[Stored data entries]
== Segment start ==
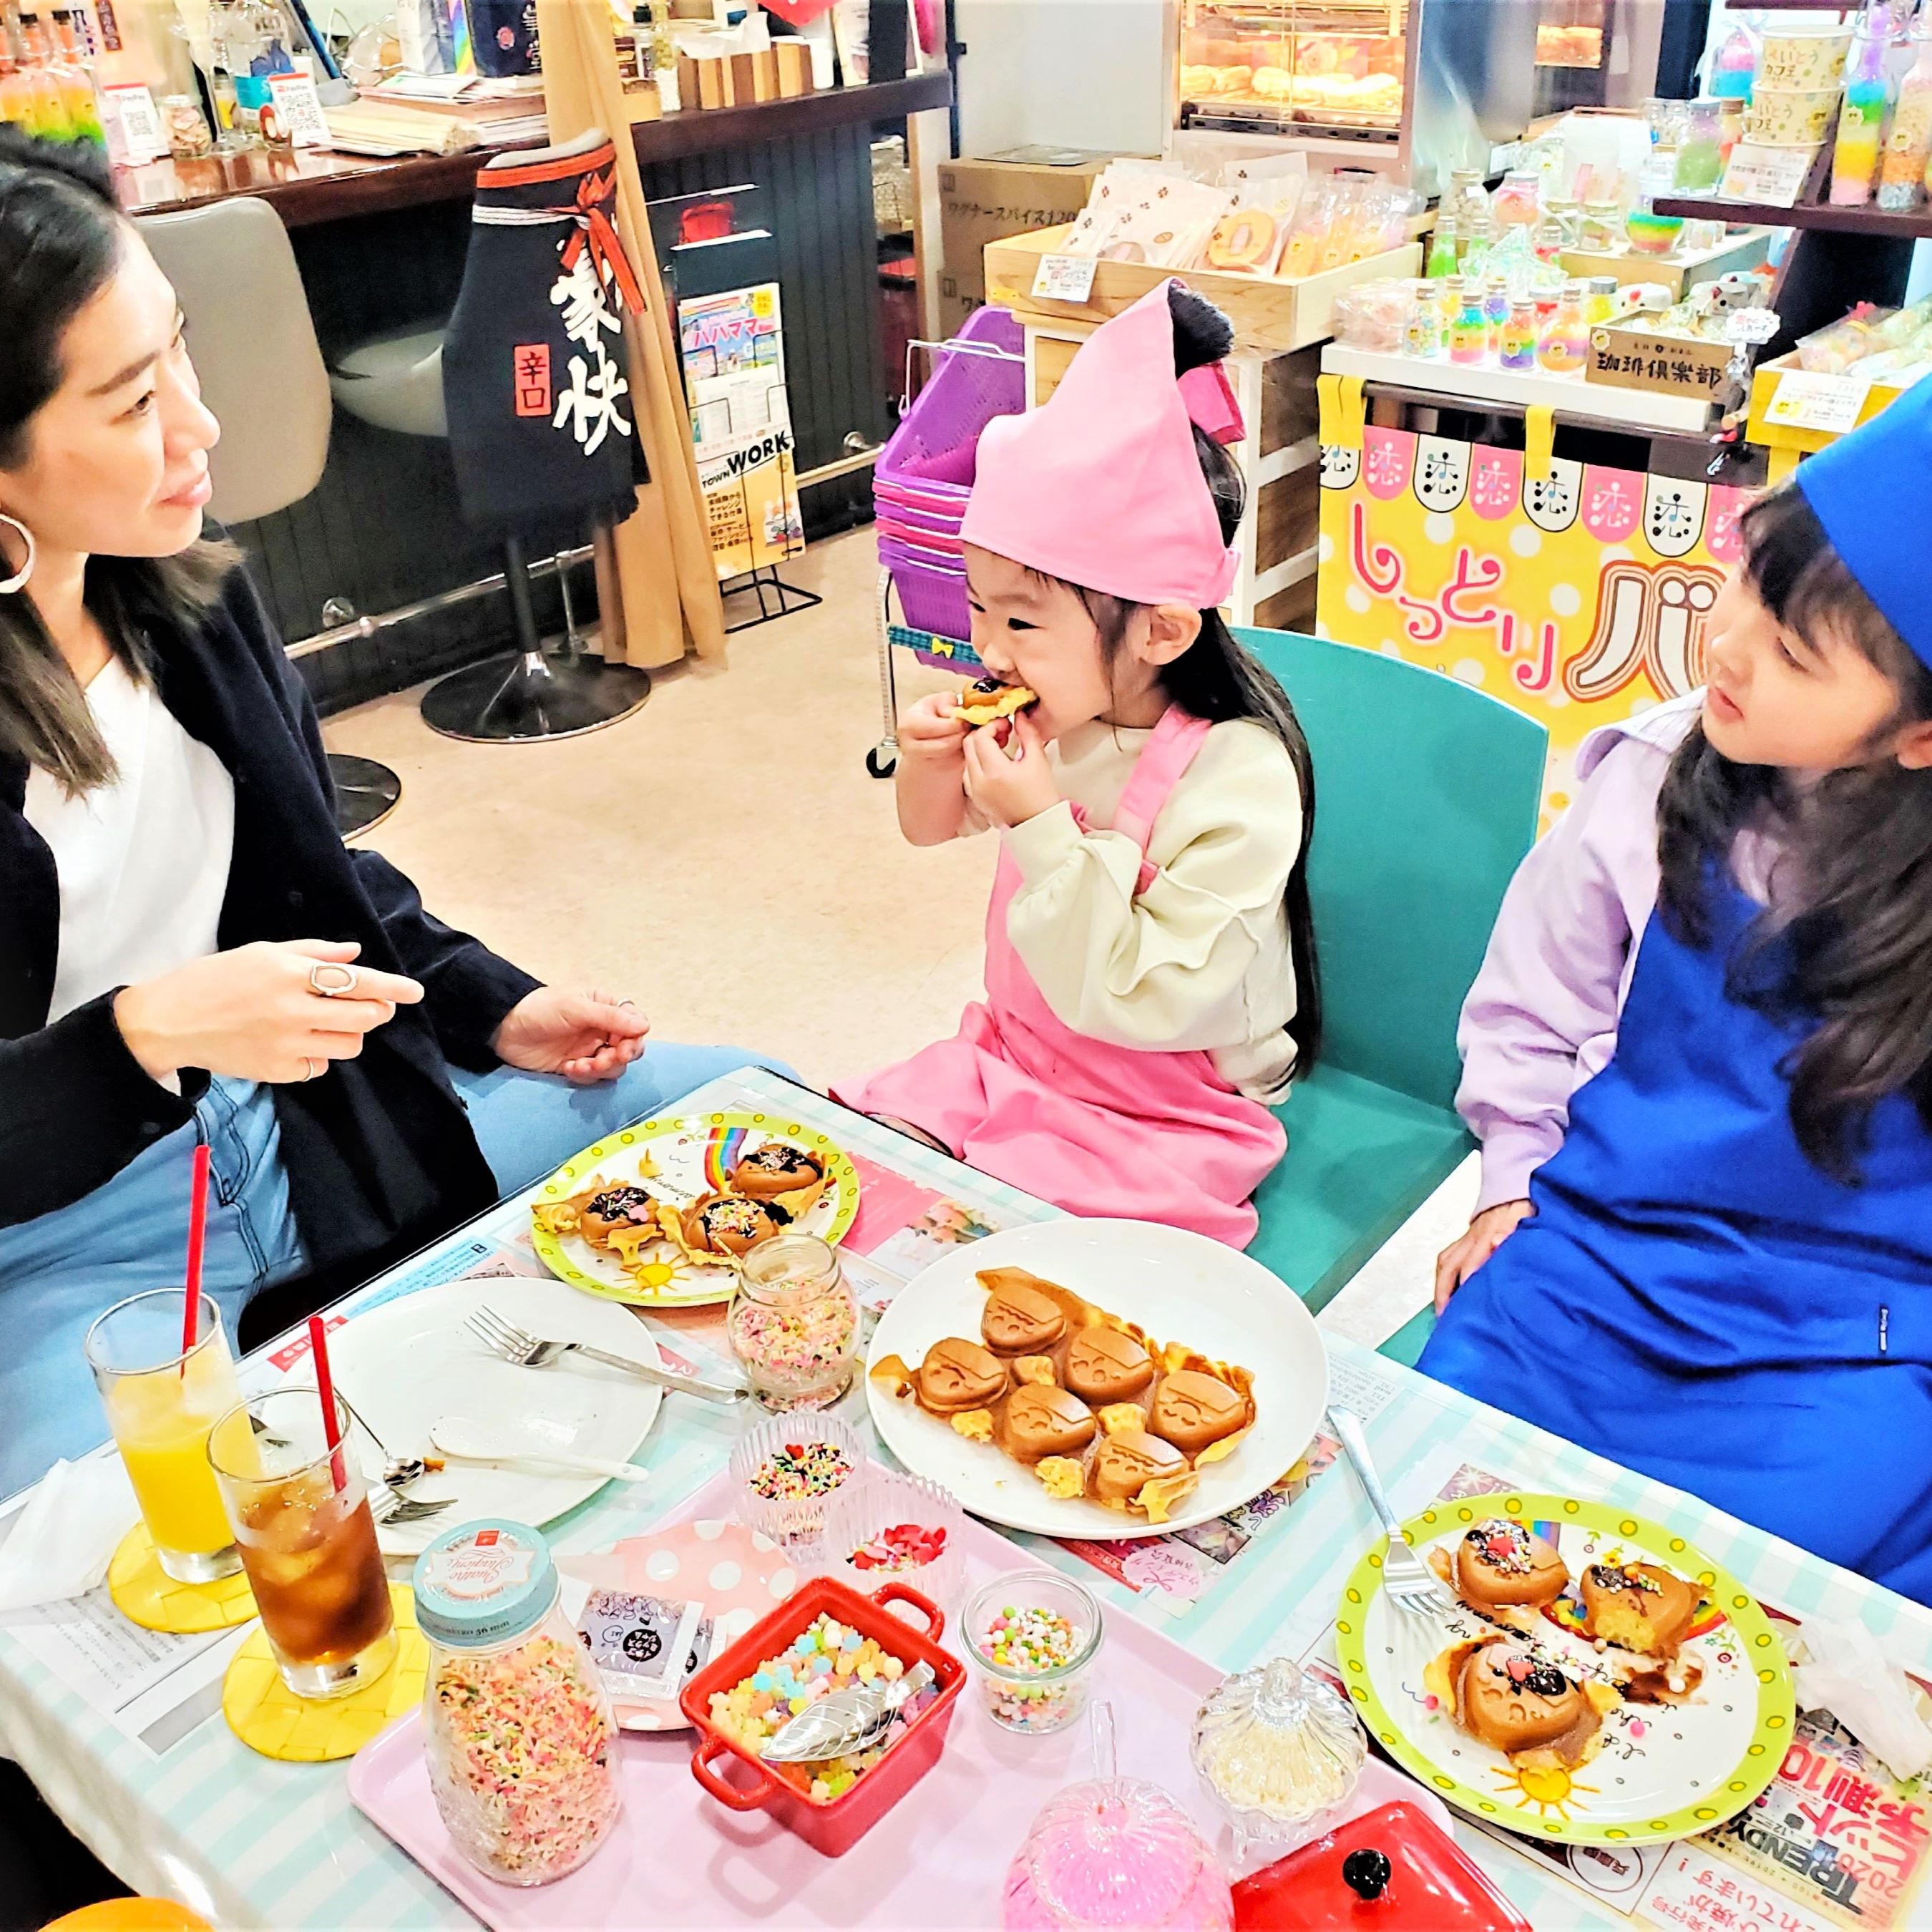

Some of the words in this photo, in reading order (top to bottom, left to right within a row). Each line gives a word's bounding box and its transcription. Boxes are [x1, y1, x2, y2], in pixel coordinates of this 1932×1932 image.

[519, 351, 547, 409] 辛口
[701, 469, 731, 489] TOWN
[727, 429, 791, 474] WORK
[1354, 502, 1555, 691] しっとり
[647, 1174, 694, 1199] armony
[449, 1570, 499, 1584] Quattro
[1725, 1819, 1862, 1914] TRENDY
[1797, 1802, 1916, 1881] ヒット
[1678, 1857, 1815, 1932] れています！
[1835, 1851, 1903, 1898] 2020
== Segment end ==
▶ Aim of the exercise
Transcribe each entry above character for character, omitting pictures.

▶ Task output
Some of the words in this photo, in reading order (top to bottom, left to right within a row). Each line gives a word's bounding box and its transcription. Boxes are [x1, y1, x2, y2], in pixel coordinates of this 1932×1932 image.

[519, 351, 547, 409] 辛口
[701, 469, 731, 489] TOWN
[727, 429, 791, 474] WORK
[1354, 502, 1555, 691] しっとり
[647, 1174, 694, 1199] armony
[449, 1570, 499, 1584] Quattro
[1725, 1819, 1862, 1914] TRENDY
[1797, 1802, 1916, 1881] ヒット
[1678, 1857, 1815, 1932] れています！
[1835, 1851, 1903, 1898] 2020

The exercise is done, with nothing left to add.